→ About this exercise
Your answer should be the records, copied exactly, with the pictures removed.

====== Source data

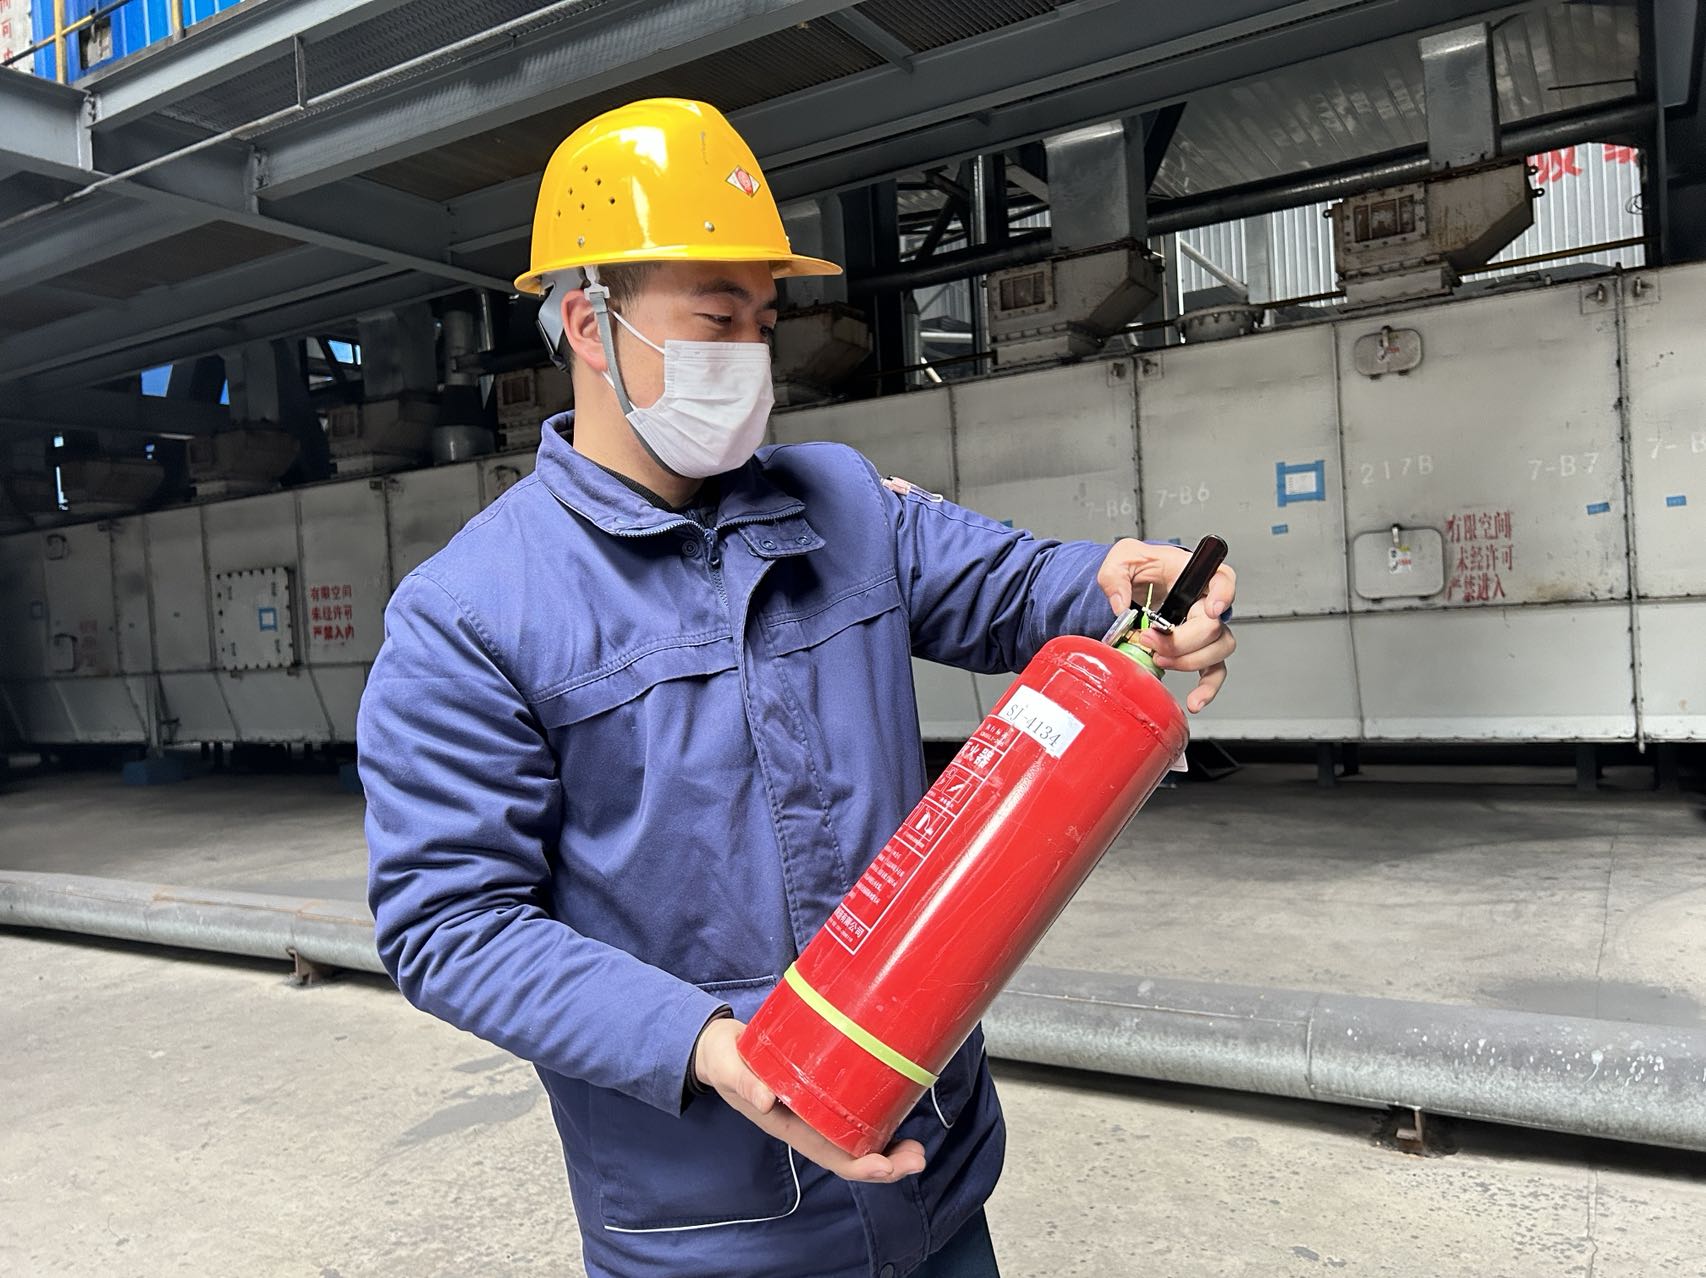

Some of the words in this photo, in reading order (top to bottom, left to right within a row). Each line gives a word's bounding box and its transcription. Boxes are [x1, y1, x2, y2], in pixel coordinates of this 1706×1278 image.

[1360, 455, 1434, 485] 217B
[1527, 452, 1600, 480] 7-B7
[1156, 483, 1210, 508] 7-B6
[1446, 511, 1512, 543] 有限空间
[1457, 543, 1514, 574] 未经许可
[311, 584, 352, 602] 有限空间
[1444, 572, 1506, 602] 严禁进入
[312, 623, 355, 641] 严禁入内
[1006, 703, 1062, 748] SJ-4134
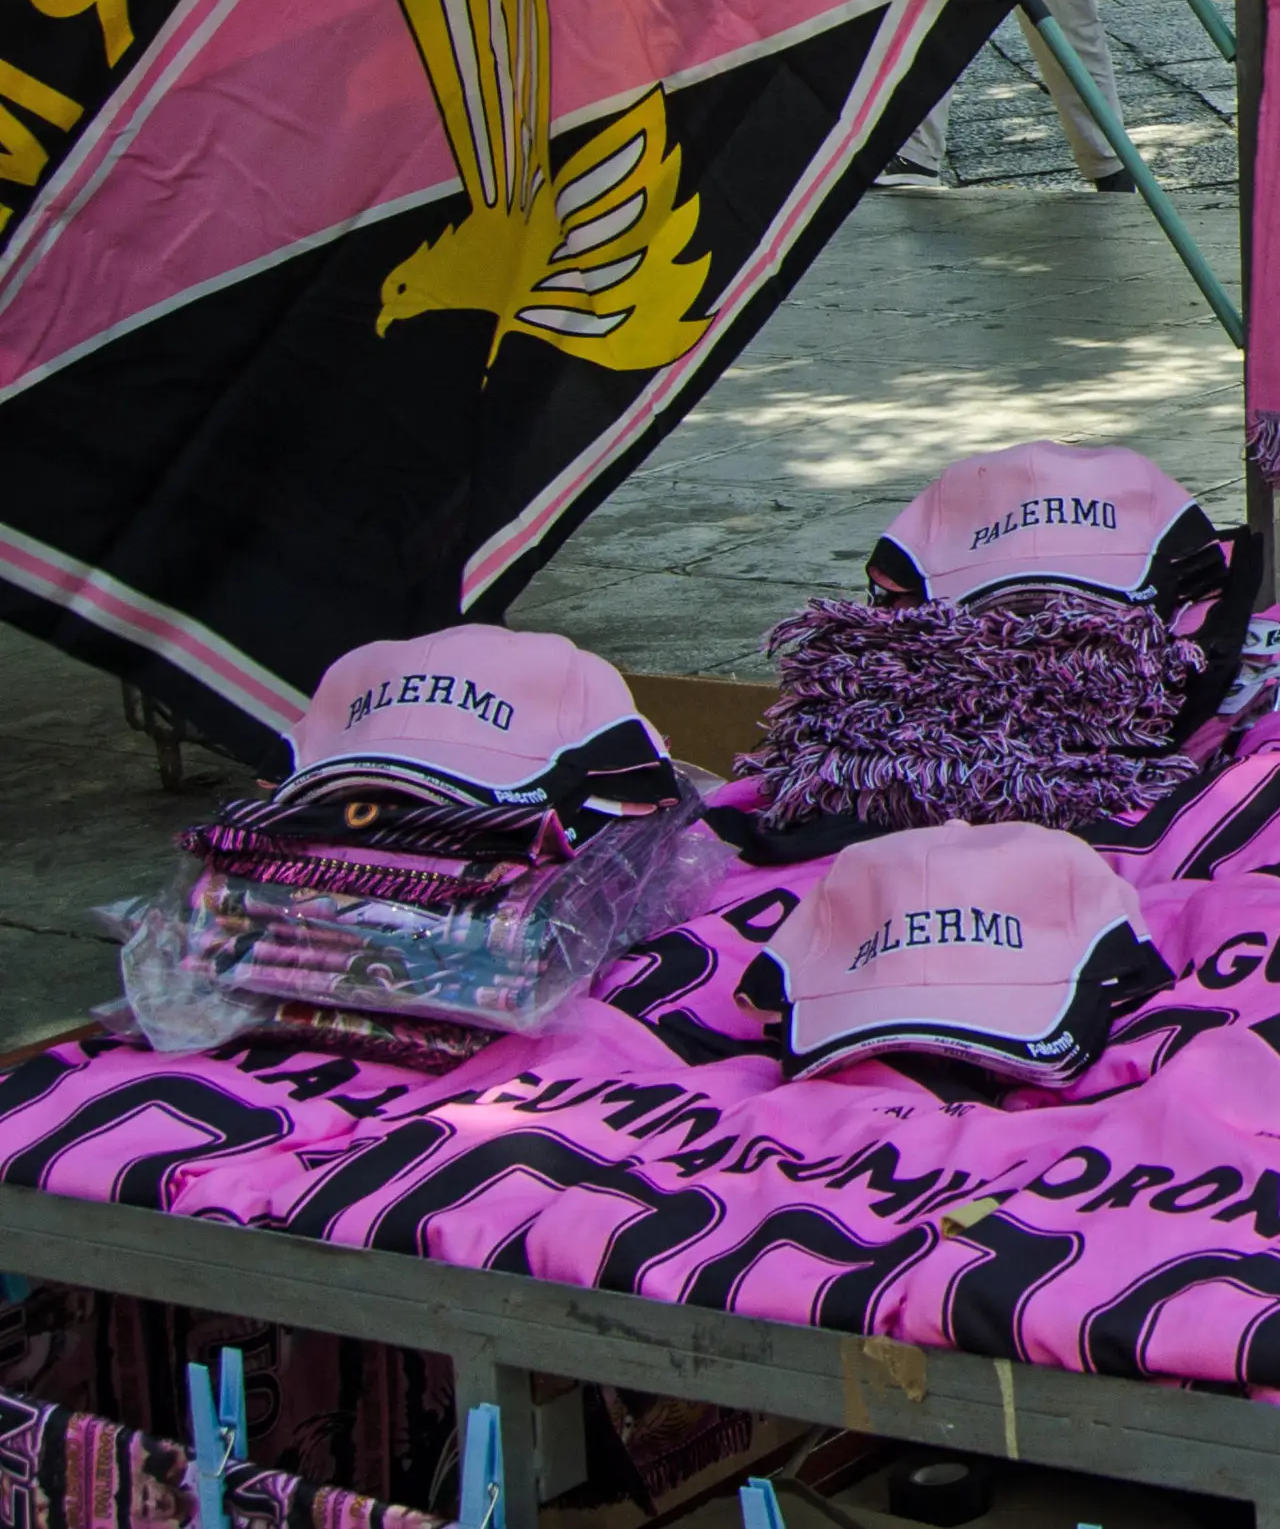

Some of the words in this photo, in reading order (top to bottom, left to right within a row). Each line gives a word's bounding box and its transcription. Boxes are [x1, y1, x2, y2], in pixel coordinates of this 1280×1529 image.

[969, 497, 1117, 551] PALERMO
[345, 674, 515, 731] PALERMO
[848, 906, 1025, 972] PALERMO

============

→ Exercise result
Some of the words in this photo, in reading order (top to bottom, left to right within a row). Each line gives a word's bounding box and its transcription. Boxes are [x1, y1, x2, y2], in pixel coordinates of this 1706×1278 image.

[1360, 455, 1434, 485] 217B
[1527, 452, 1600, 480] 7-B7
[1156, 483, 1210, 508] 7-B6
[1446, 511, 1512, 543] 有限空间
[1457, 543, 1514, 574] 未经许可
[311, 584, 352, 602] 有限空间
[1444, 572, 1506, 602] 严禁进入
[312, 623, 355, 641] 严禁入内
[1006, 703, 1062, 748] SJ-4134

Some of the words in this photo, in reading order (top to bottom, left to right within a row). Each line gives a word's bounding box and its transcription. Boxes are [x1, y1, x2, y2], in pixel coordinates of this 1280×1529 image.

[969, 497, 1117, 551] PALERMO
[345, 674, 515, 731] PALERMO
[848, 906, 1025, 972] PALERMO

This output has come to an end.